# TO DO:
With the pictures excluded, reproduce all of the data exactly.

[Start of section]

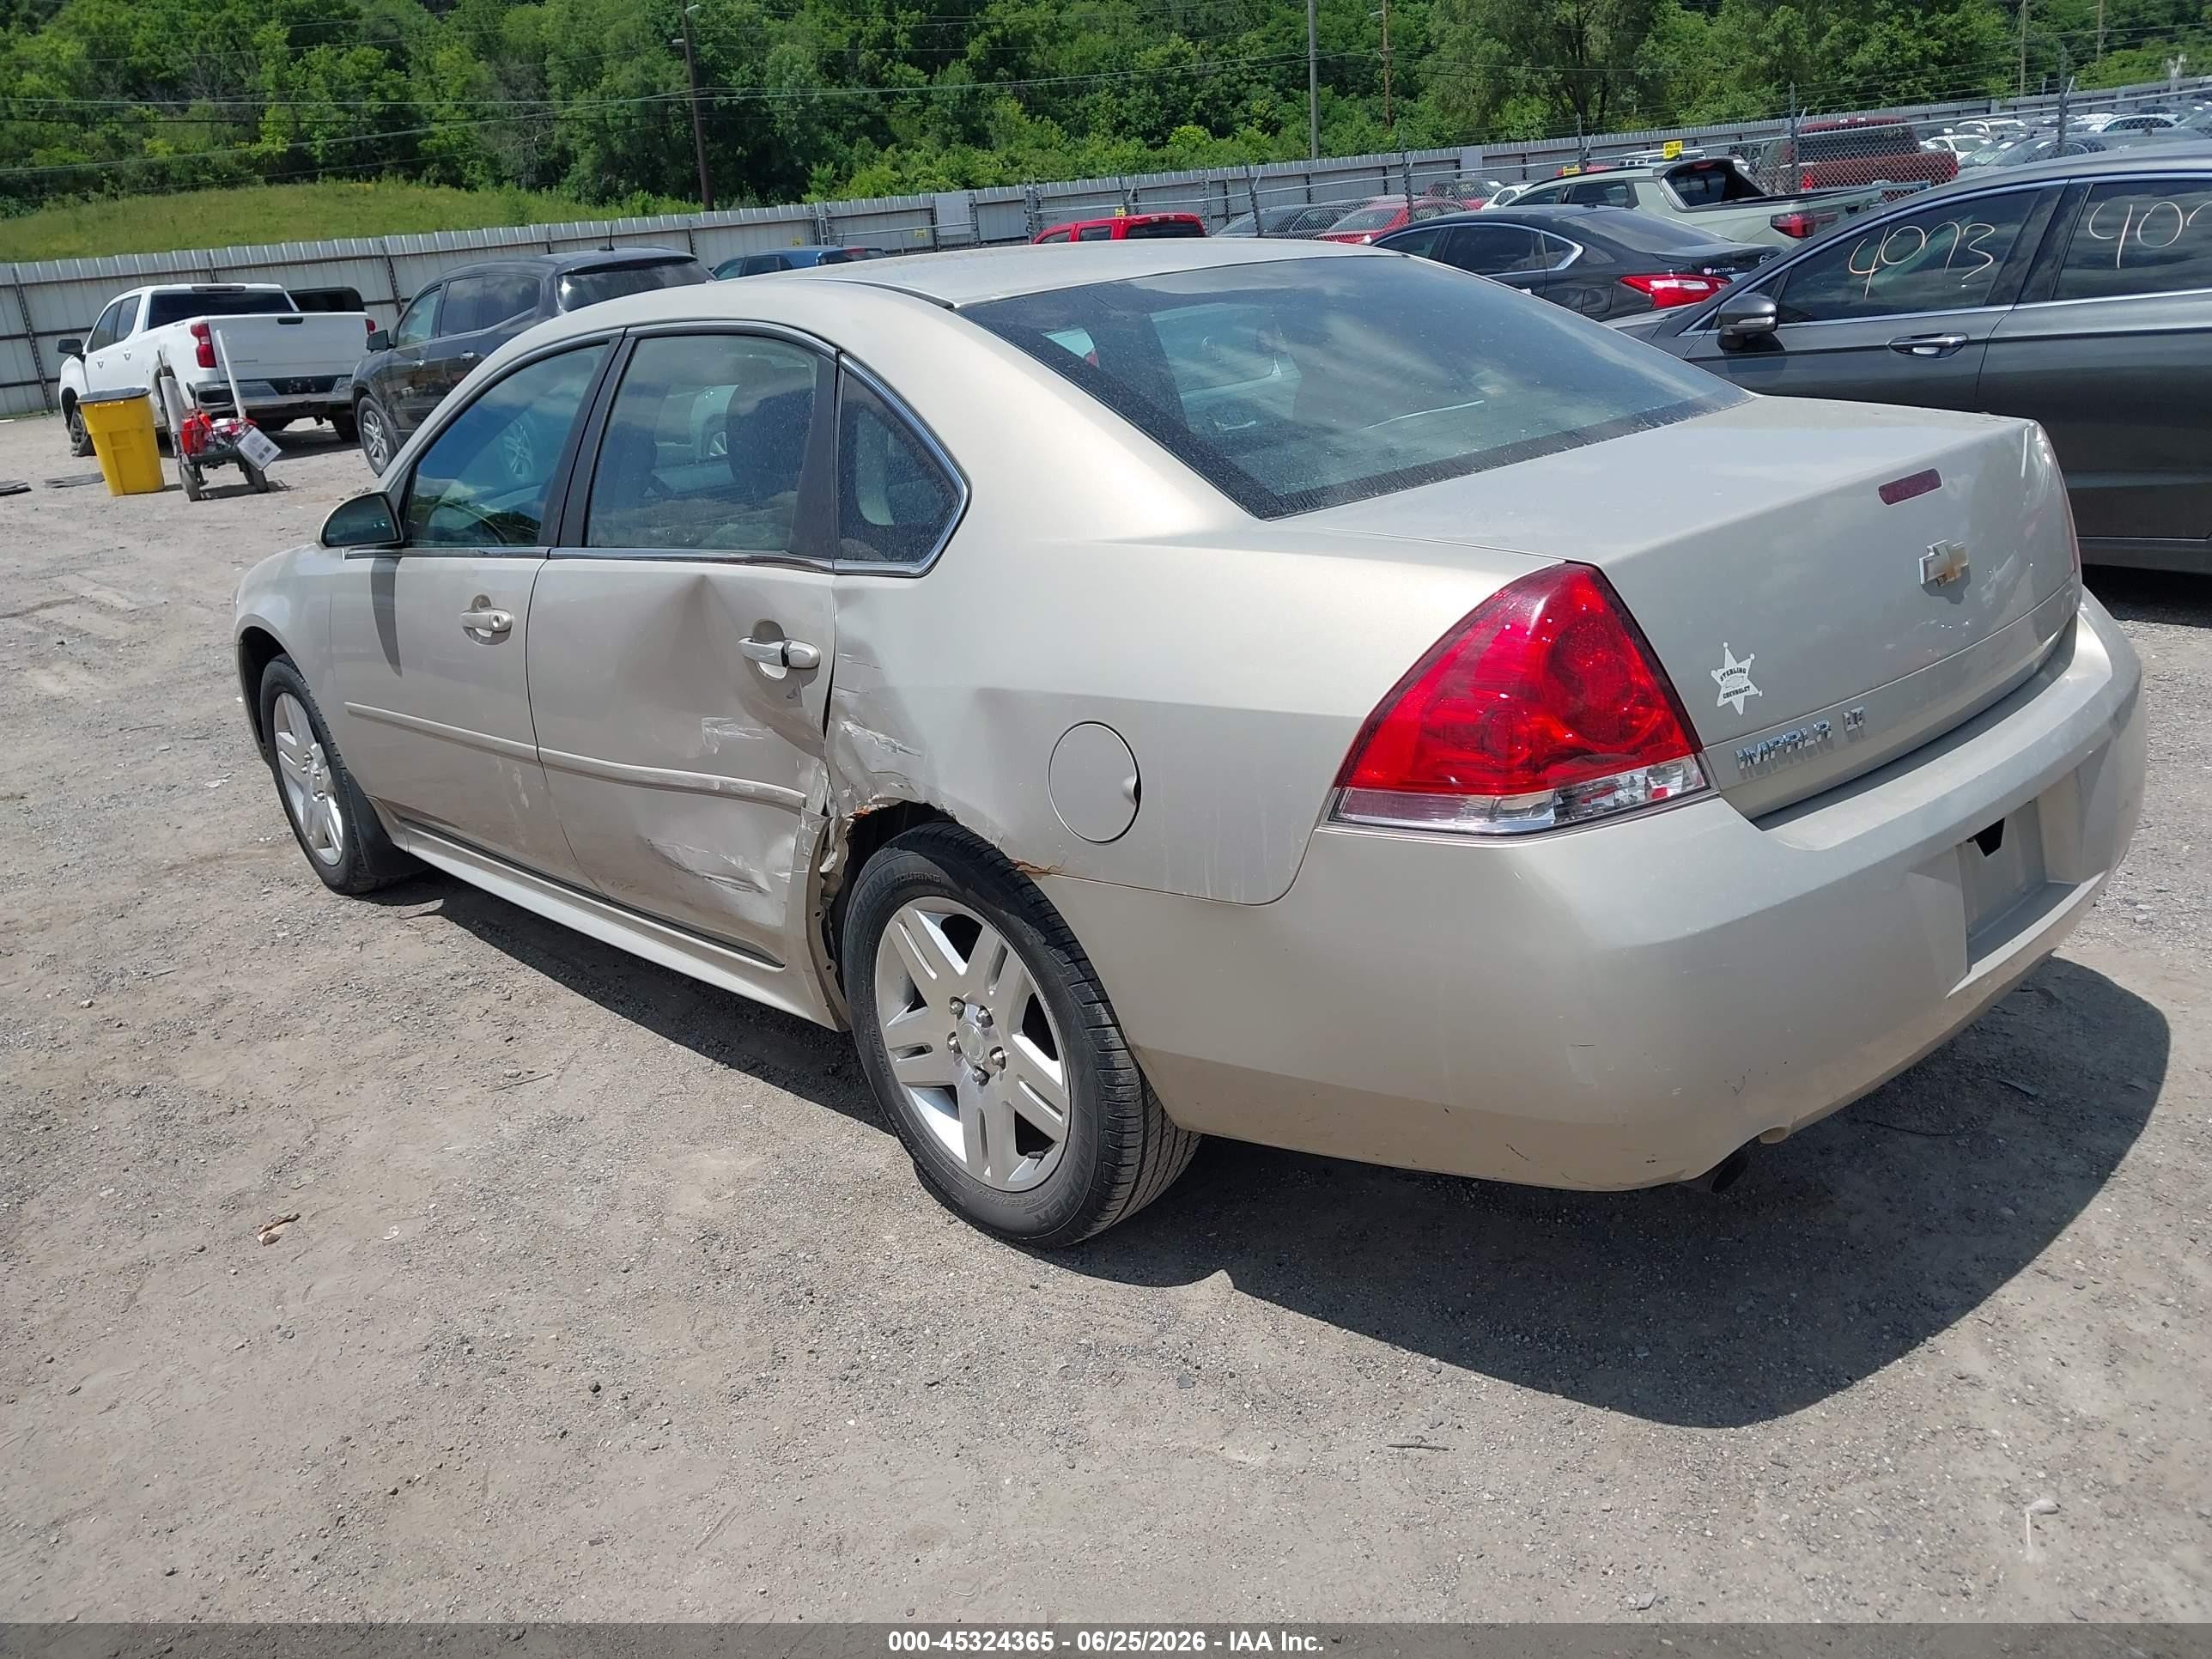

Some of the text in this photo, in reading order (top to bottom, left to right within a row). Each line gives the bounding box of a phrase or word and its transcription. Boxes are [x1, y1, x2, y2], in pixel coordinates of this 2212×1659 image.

[1719, 666, 1747, 682] STERLING
[1723, 684, 1751, 700] CHEVROLET
[1735, 705, 1867, 770] IMPALA LT
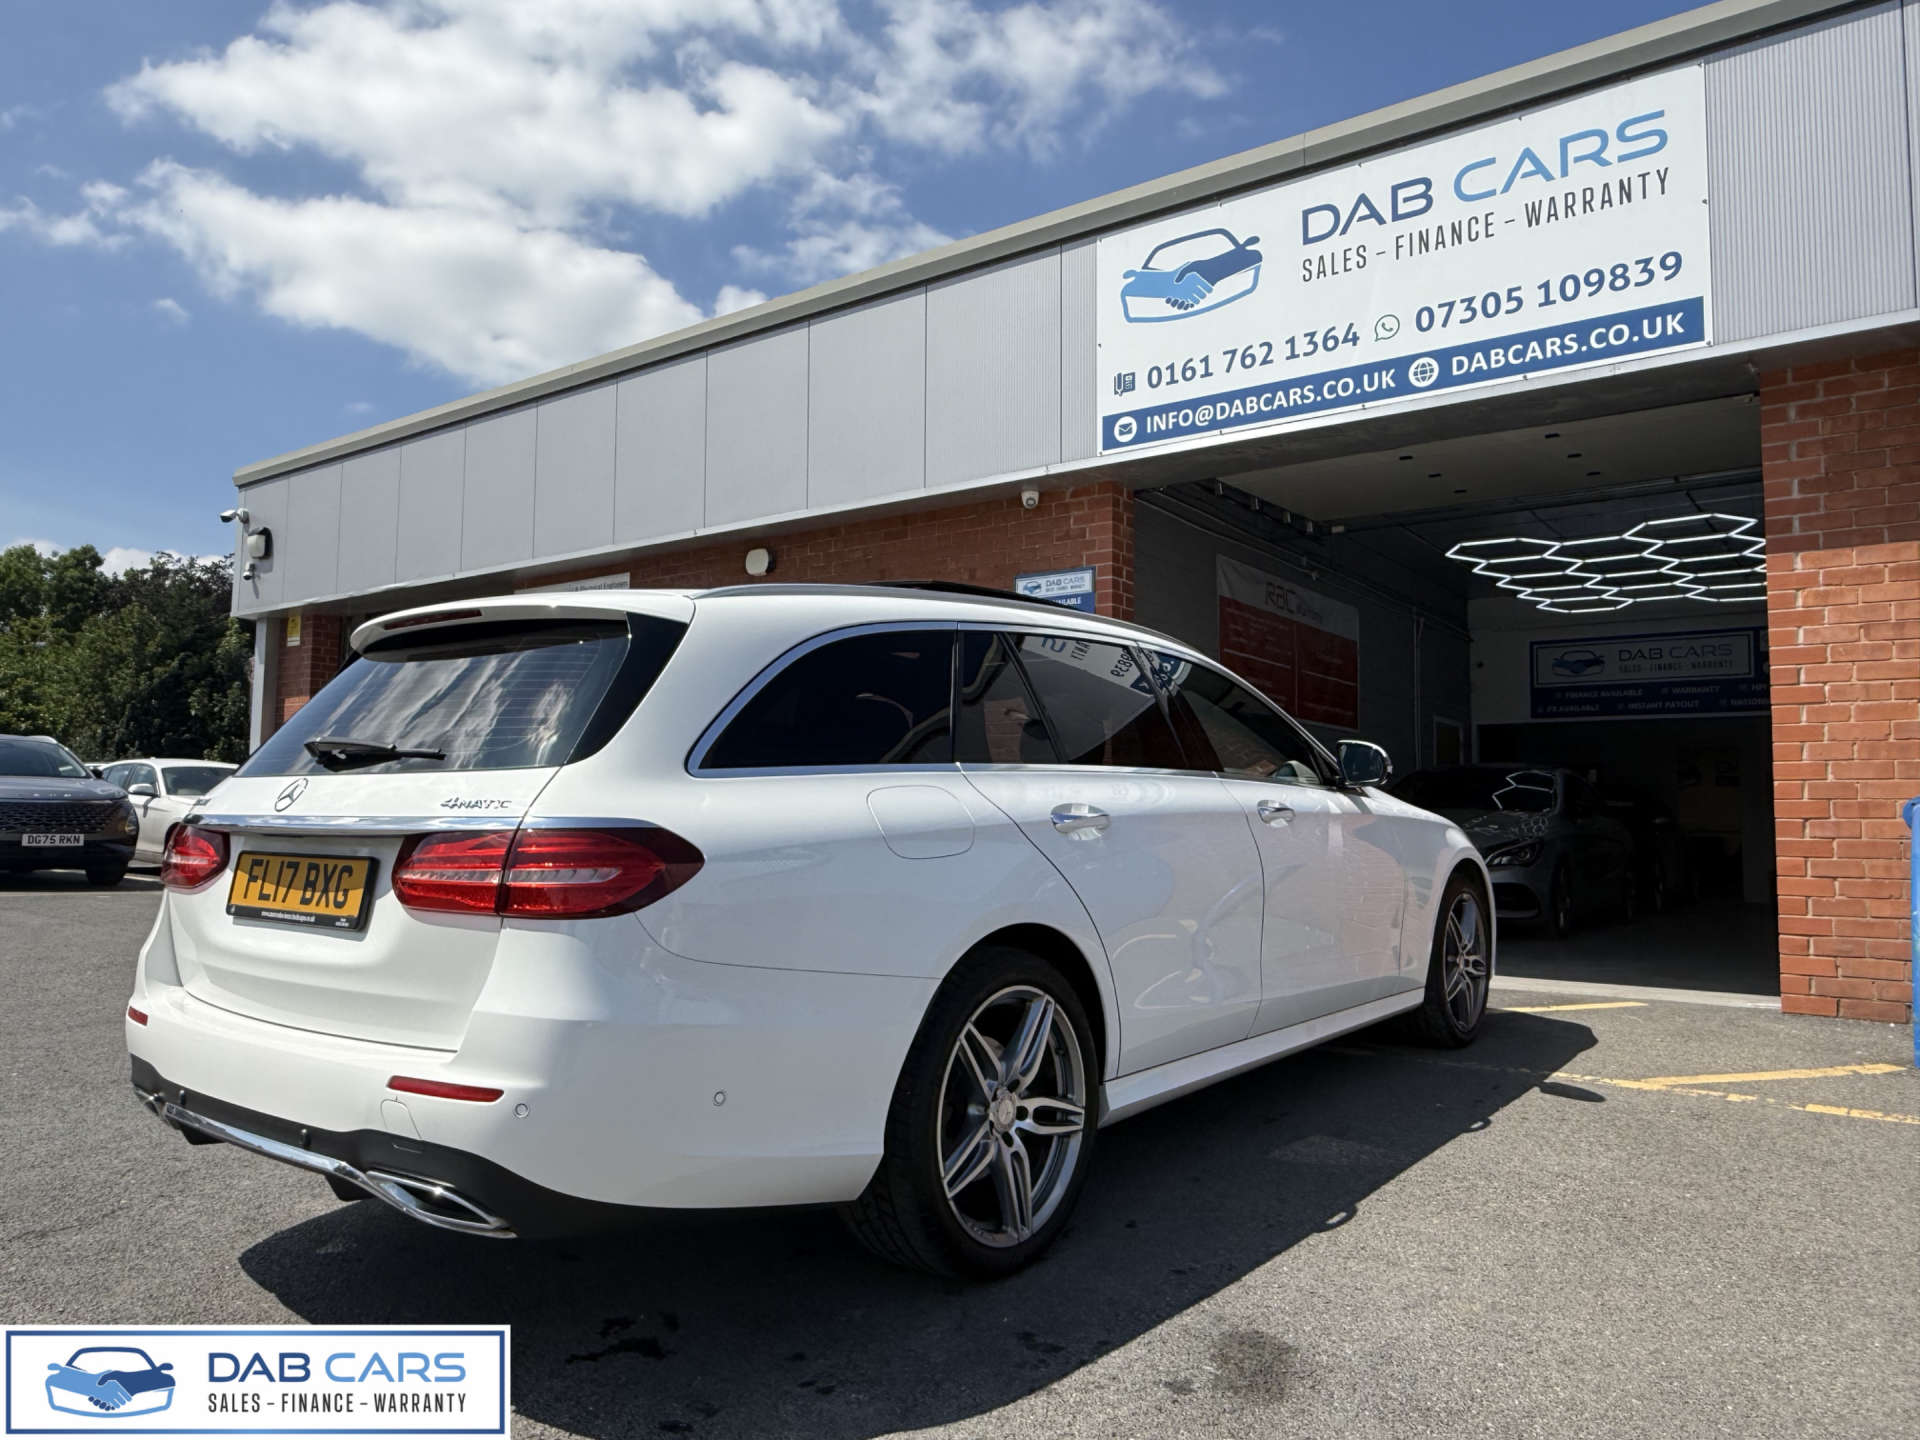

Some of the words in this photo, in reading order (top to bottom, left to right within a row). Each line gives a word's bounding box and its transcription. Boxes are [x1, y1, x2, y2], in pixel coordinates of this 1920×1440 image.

[1302, 176, 1433, 246] DAB
[1454, 109, 1668, 203] CARS
[1302, 244, 1368, 283] SALES
[1395, 212, 1496, 261] FINANCE
[1524, 167, 1671, 229] WARRANTY
[1147, 354, 1214, 389] 0161
[1223, 341, 1274, 373] 762
[1285, 322, 1360, 360] 1364
[1415, 285, 1524, 333] 07305
[1537, 251, 1683, 308] 109839
[1146, 368, 1396, 434] INFO@DABCARS.CO.UK
[1451, 312, 1685, 376] DABCARS.CO.UK
[1619, 647, 1663, 662] DAB
[1669, 643, 1733, 659] CARS
[27, 835, 56, 844] DG75
[59, 835, 80, 844] RKN
[440, 797, 512, 809] 4MATIC
[243, 858, 301, 904] FL17
[300, 862, 353, 909] BXG

[End of section]

# THE ANSWER:
Some of the text in this photo, in reading order (top to bottom, left to right within a row). Each line gives the bounding box of a phrase or word and its transcription. Boxes are [x1, y1, x2, y2], in pixel coordinates of this 2212×1659 image.

[1719, 666, 1747, 682] STERLING
[1723, 684, 1751, 700] CHEVROLET
[1735, 705, 1867, 770] IMPALA LT

Some of the words in this photo, in reading order (top to bottom, left to right within a row). Each line gives a word's bounding box and its transcription. Boxes are [x1, y1, x2, y2], in pixel coordinates of this 1920×1440 image.

[1302, 176, 1433, 246] DAB
[1454, 109, 1668, 203] CARS
[1302, 244, 1368, 283] SALES
[1395, 212, 1496, 261] FINANCE
[1524, 167, 1671, 229] WARRANTY
[1147, 354, 1214, 389] 0161
[1223, 341, 1274, 373] 762
[1285, 322, 1360, 360] 1364
[1415, 285, 1524, 333] 07305
[1537, 251, 1683, 308] 109839
[1146, 368, 1396, 434] INFO@DABCARS.CO.UK
[1451, 312, 1685, 376] DABCARS.CO.UK
[1619, 647, 1663, 662] DAB
[1669, 643, 1733, 659] CARS
[27, 835, 56, 844] DG75
[59, 835, 80, 844] RKN
[440, 797, 512, 809] 4MATIC
[243, 858, 301, 904] FL17
[300, 862, 353, 909] BXG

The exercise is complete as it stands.